At the annual BRICS Summit in Xiamen, China’s President Xi Jinping urged the BRICS nations – Brazil, Russia, India, China, and South Africa – to work together more closely in order to maximise the bloc’s growth potential. Of the US$197 billion in outbound investment in 2016, only 5.7% took place amongst the five countries. In consequence, Mr Xi highlighted the scope for further cooperation between the BRICS nations as they enter a “second golden decade” . Following the summit, the leaders of the five nations released the Xiamen Declaration , in which they pledged to promote an equitable global economic order and people-to-people exchanges.

The oil price rose during September, propelled upward by a combination of geopolitical worries, rising demand, and cuts in production . The price of Brent crude oil climbed to US$59.25 per barrel during September, reaching its highest level since mid-2015.

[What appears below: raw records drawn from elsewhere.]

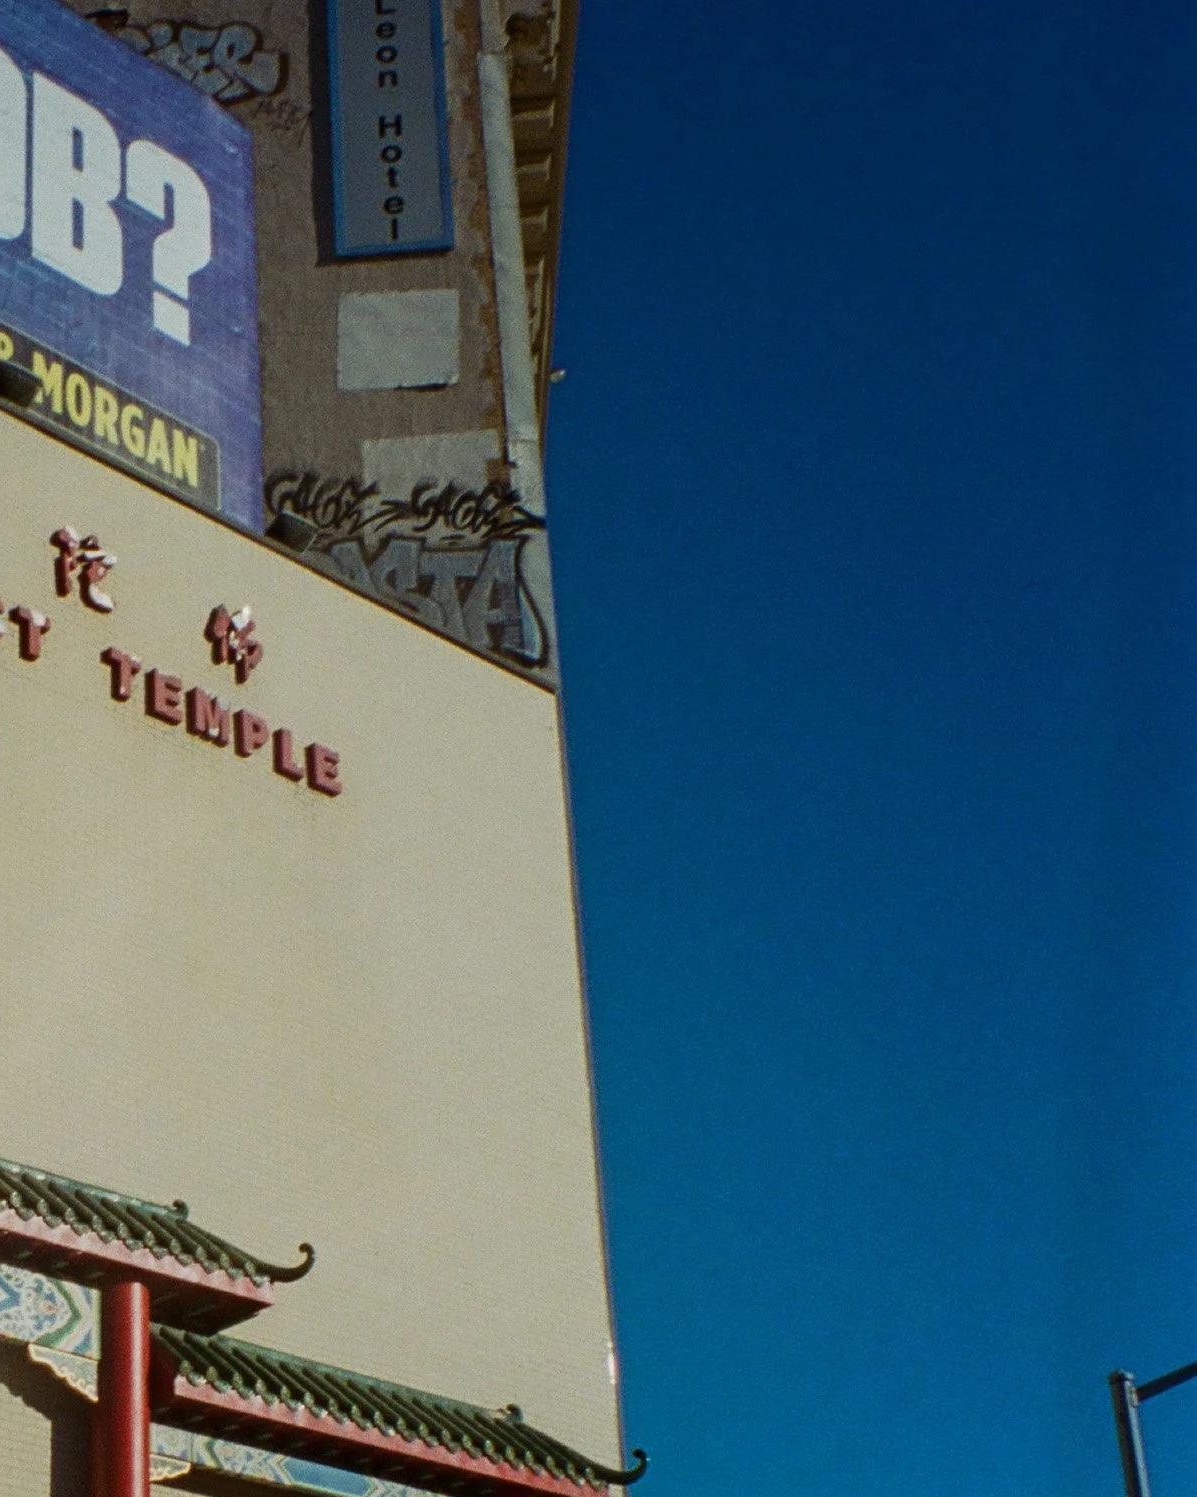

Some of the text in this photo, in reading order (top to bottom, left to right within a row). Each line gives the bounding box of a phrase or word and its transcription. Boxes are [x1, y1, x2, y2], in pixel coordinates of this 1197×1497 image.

[378, 113, 405, 241] Hotel
[31, 350, 200, 487] MORGAN
[99, 646, 343, 798] TEMPLE
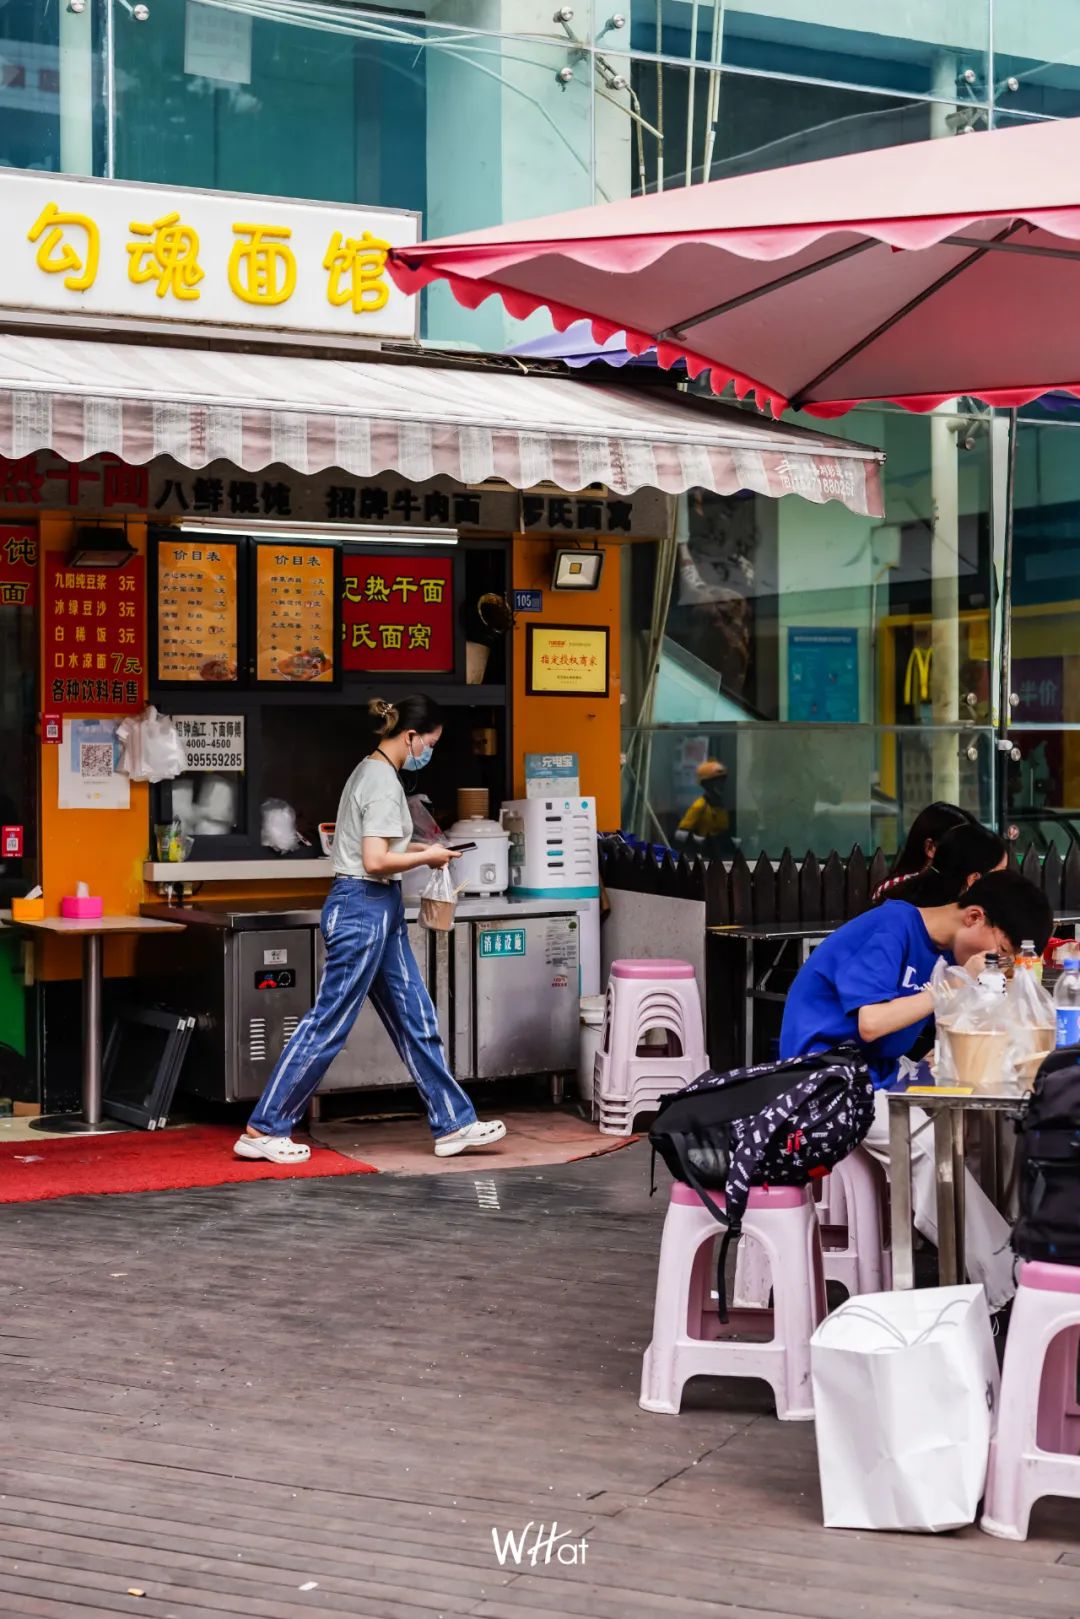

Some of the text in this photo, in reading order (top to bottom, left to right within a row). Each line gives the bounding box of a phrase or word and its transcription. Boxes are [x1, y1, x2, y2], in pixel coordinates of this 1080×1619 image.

[27, 202, 392, 313] 勾魂面馆
[155, 478, 292, 515] 八鲜馄饨
[326, 486, 482, 524] 招牌牛肉面
[174, 550, 220, 562] 价目表
[275, 555, 321, 567] 价目表
[55, 572, 135, 591] 九阳纯豆浆 3元
[55, 599, 135, 617] 冰绿豆沙 3元
[55, 625, 135, 643] 白稀饭 3元
[342, 623, 431, 650] 氏面窝
[55, 652, 142, 674] 口水凉面 7元
[540, 654, 598, 667] 指定授权商家
[52, 678, 138, 704] 各种饮料有售
[186, 739, 231, 749] 4000-4500
[187, 753, 242, 767] 995559285
[484, 933, 522, 953] 消毒设施

Credit ratings agency Standard & Poor’s (S&P) downgraded China’s credit rating from “AA-“ to “A+”, citing concerns that an extended period of strong credit growth has “increased China’s economic and financial risks”. Nevertheless, S&P maintained its outlook for the country as “stable”, reflecting its opinion that China will “maintain its robust economic performance and improved fiscal performance in the next three to four years”. Over September, the Shanghai Composite Index ended the month 0.3% lower.

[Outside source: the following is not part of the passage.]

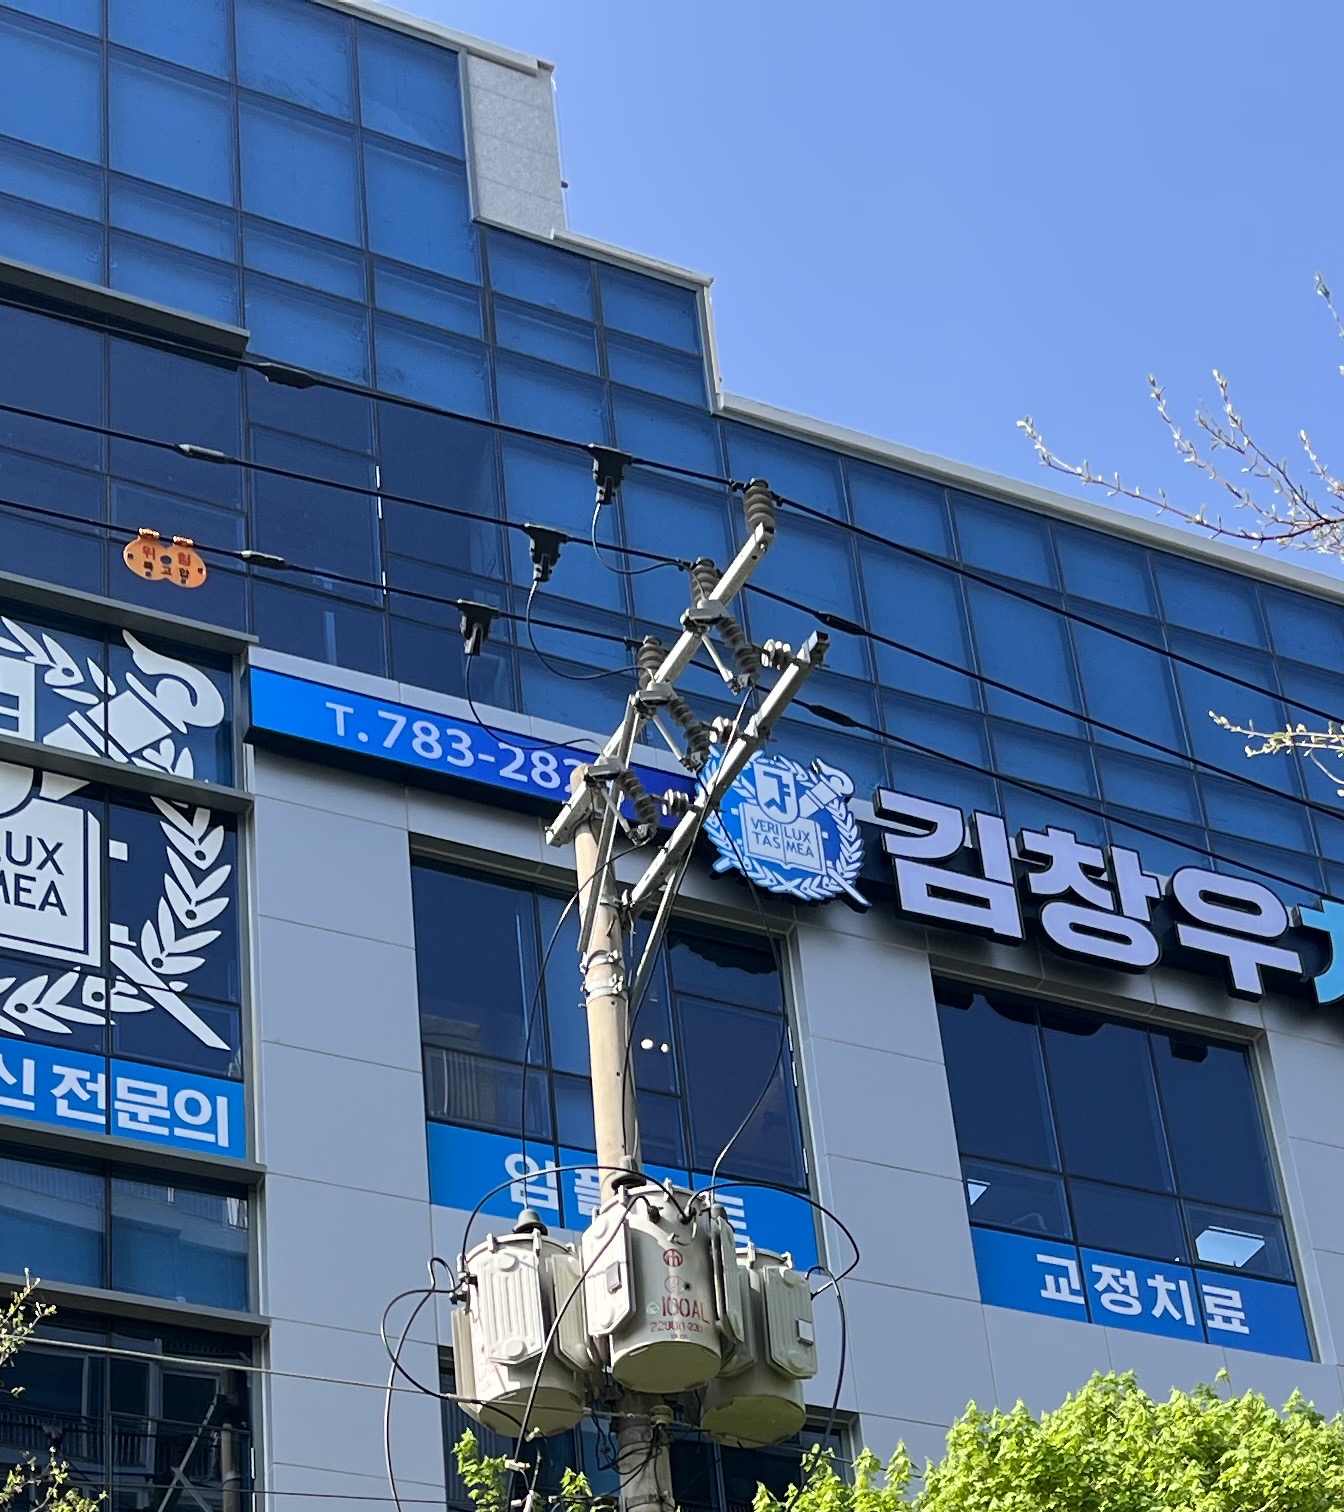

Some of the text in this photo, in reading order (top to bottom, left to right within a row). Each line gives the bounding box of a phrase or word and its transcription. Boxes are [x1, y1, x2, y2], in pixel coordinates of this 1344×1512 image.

[751, 817, 810, 843] VERI LUX
[752, 831, 814, 858] TAS MEA
[50, 1062, 229, 1149] 전문의
[1036, 1254, 1250, 1335] 교정치료

Inflationary pressures picked up in India during August, stoked by rising food prices. Consumer price inflation rose at an annualised rate of 3.36%, compared with a rate of 2.36% in July. The news quelled speculation that policymakers at the Reserve Bank of India (RBI) might implement an interest-rate cut at their next meeting in October. The RBI cut its key interest rate from 6.25% to 6% during August, citing a weak inflationary backdrop. The RBI’s inflation target currently stands at 4% . The CNX Nifty Index fell by 1.3% during September.

Brazil’s economy continued to strengthen during the second quarter of 2017, posting two consecutive quarters of positive growth after two years of decline. The country’s economy expanded by 1% during the first quarter and by 0.2% in the second quarter . On an annualised basis, however, Brazil’s economy shrank by 1.4%. During September, central bank policymakers cut the key Selic rate by one percentage point to 8.25%, citing “favourable” developments to the inflationary backdrop. The Bovespa Index rose by 4.9% over September.